**EXERCISE OBJECTIVE:**
Will you write out the data exactly, excluding every picture?

**INPUT MATERIAL:**

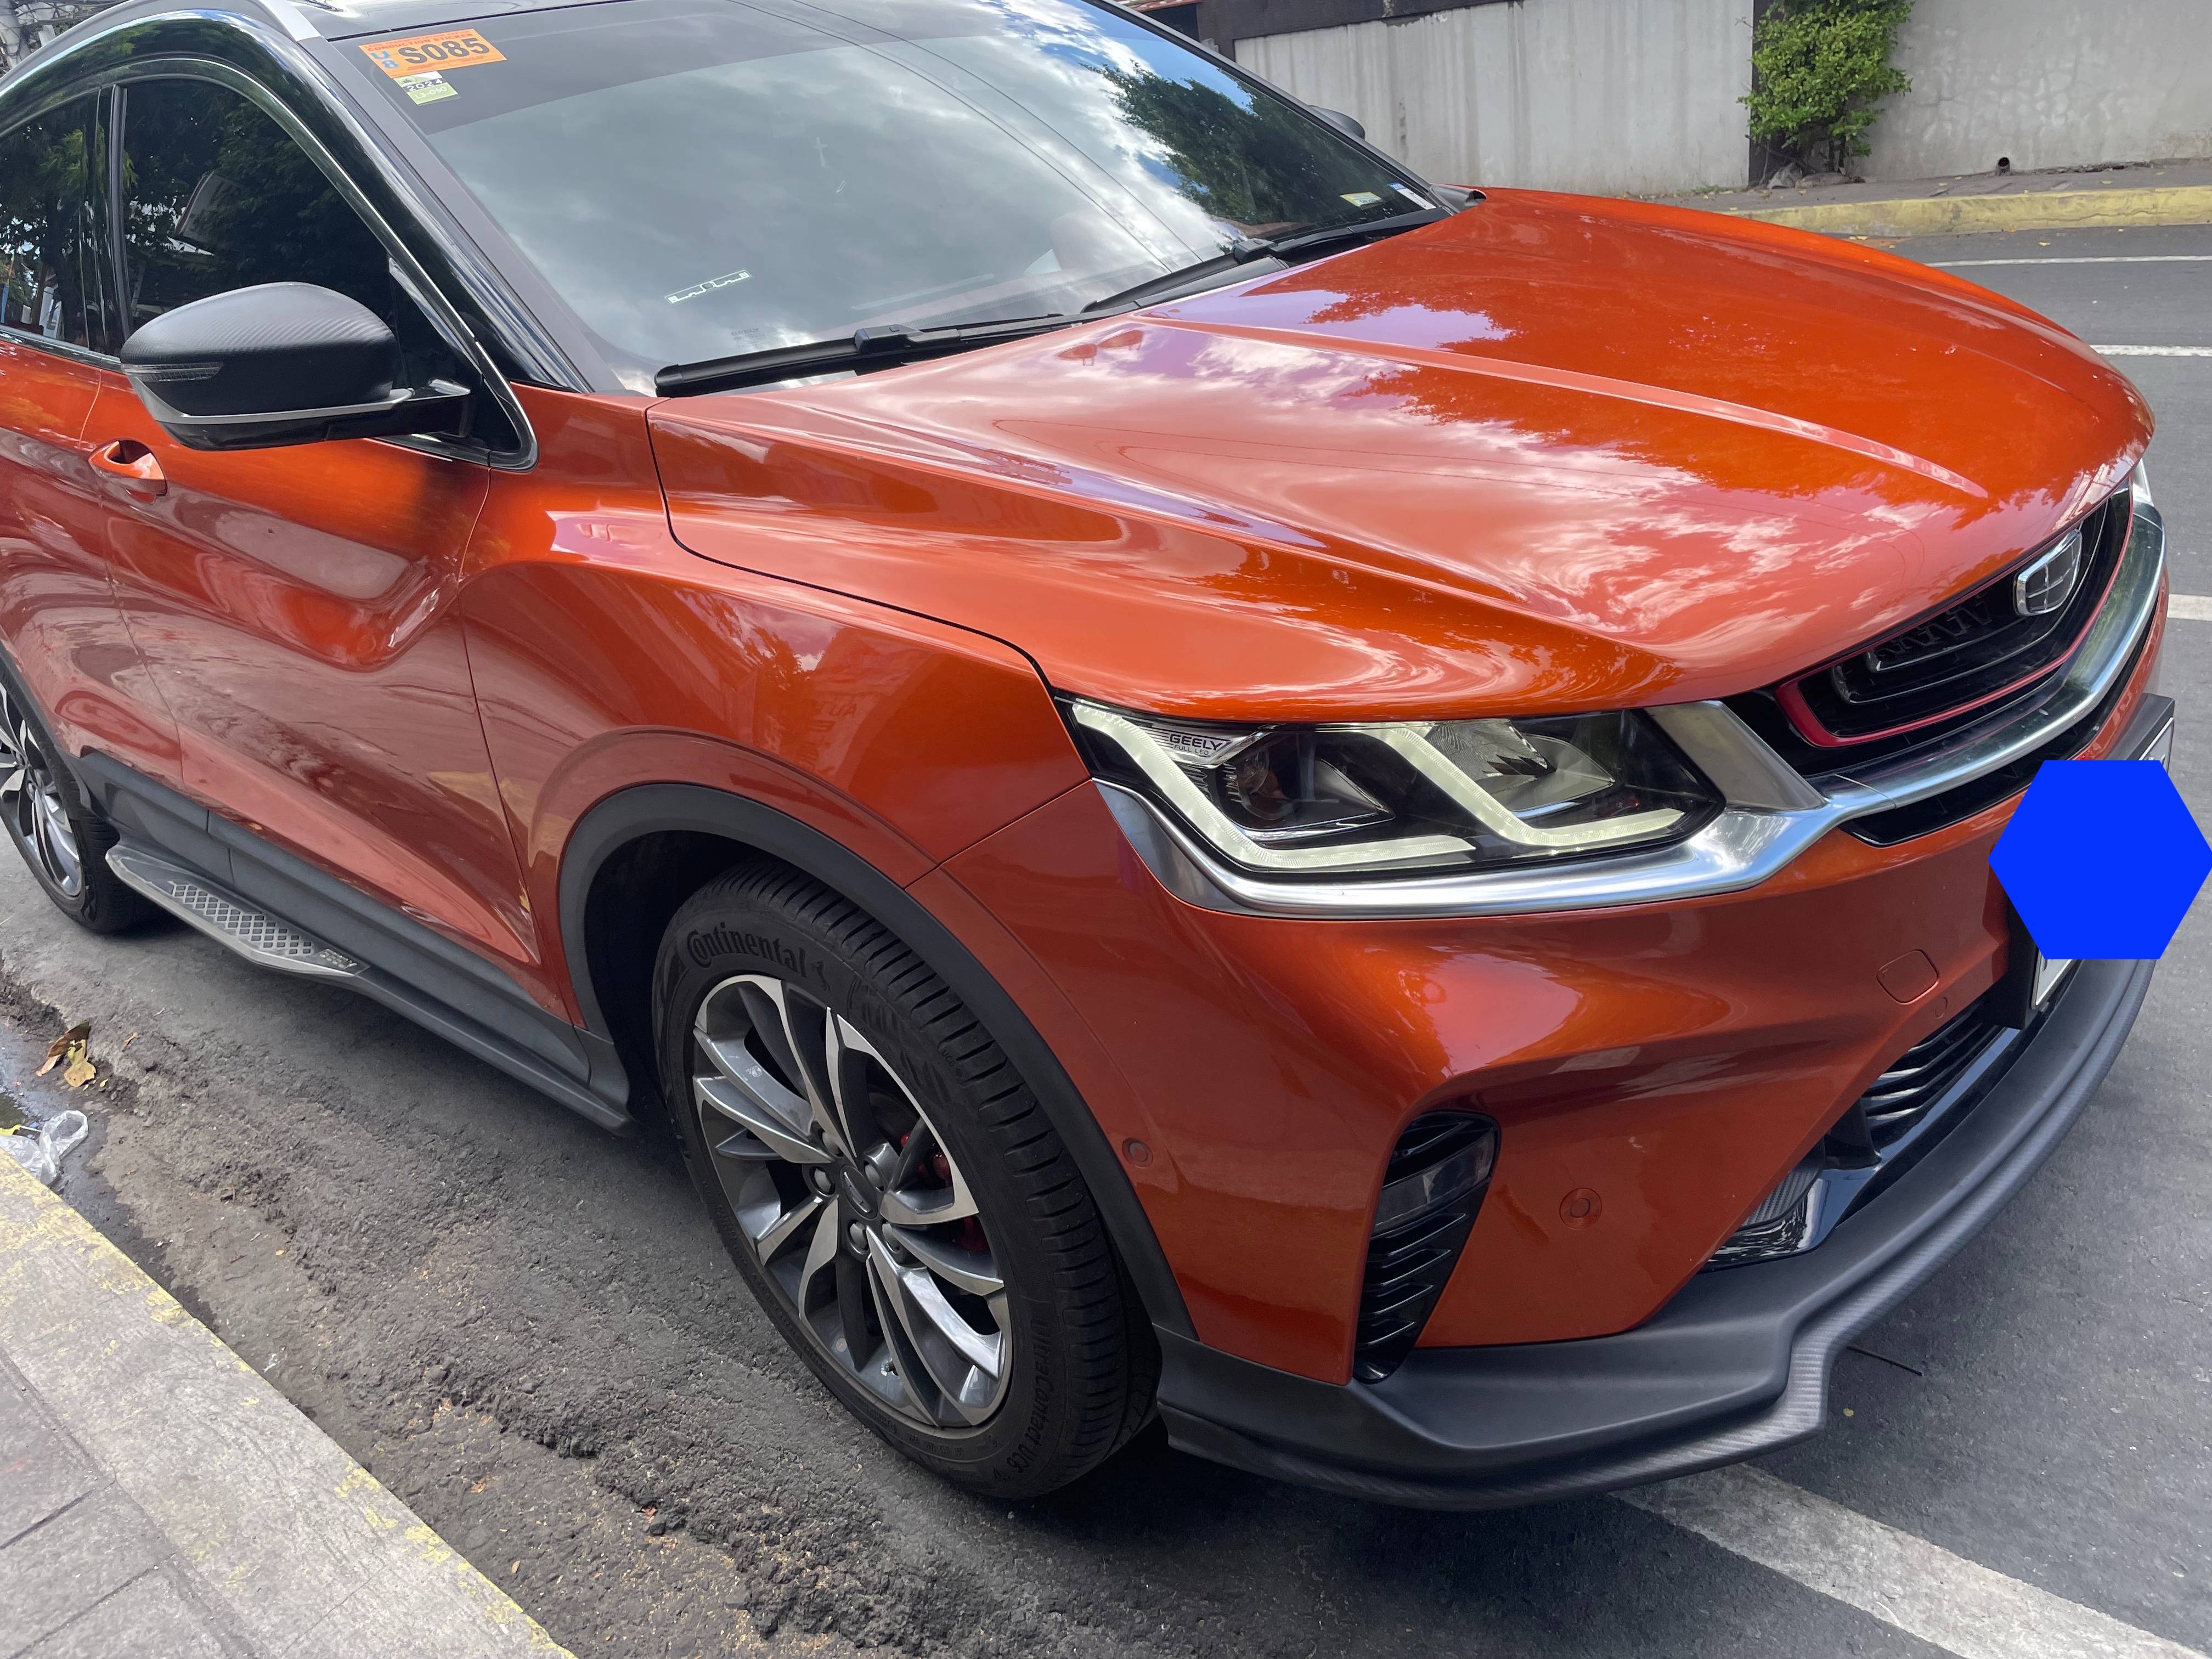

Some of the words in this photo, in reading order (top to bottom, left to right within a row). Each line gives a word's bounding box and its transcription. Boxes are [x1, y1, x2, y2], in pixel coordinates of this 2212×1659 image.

[368, 40, 431, 52] CONDUCTION
[433, 33, 473, 42] STICKER
[398, 38, 489, 64] S085
[370, 50, 391, 60] U
[381, 60, 399, 69] 8
[407, 78, 443, 92] 2024
[1169, 733, 1223, 751] GEELY
[687, 922, 808, 979] Continental
[1025, 1318, 1055, 1446] UltraContact
[1006, 1443, 1038, 1474] UC6
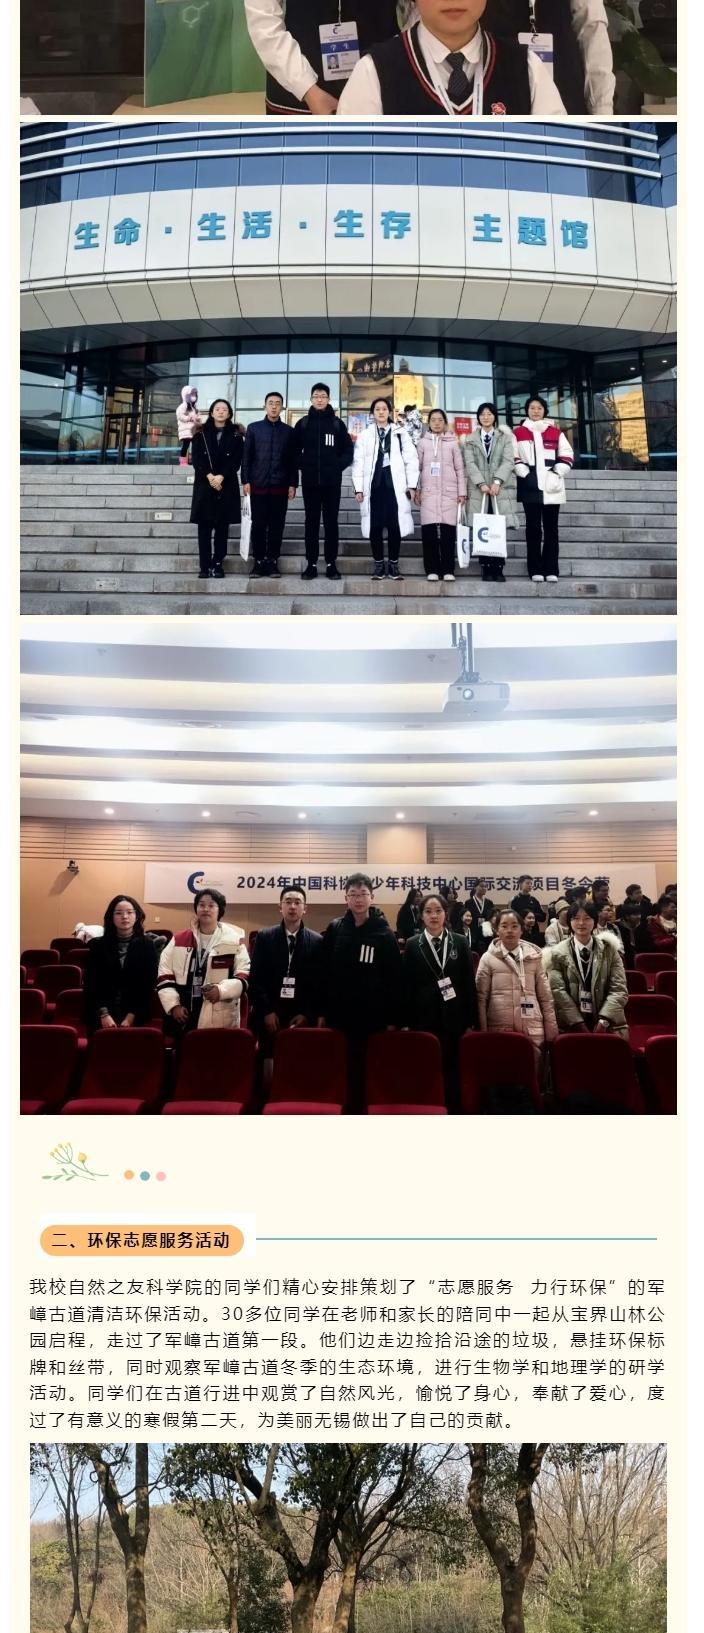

**SOLUTION:**
Some of the words in this photo, in reading order (top to bottom, left to right within a row). Each line gives a word's bounding box and its transcription. Boxes are [x1, y1, x2, y2], in pixel coordinates of this 2212×1659 image.

[368, 40, 431, 52] CONDUCTION
[433, 33, 473, 42] STICKER
[398, 38, 489, 64] S085
[370, 50, 391, 60] U
[381, 60, 399, 69] 8
[407, 78, 443, 92] 2024
[1169, 733, 1223, 751] GEELY
[687, 922, 808, 979] Continental
[1025, 1318, 1055, 1446] UltraContact
[1006, 1443, 1038, 1474] UC6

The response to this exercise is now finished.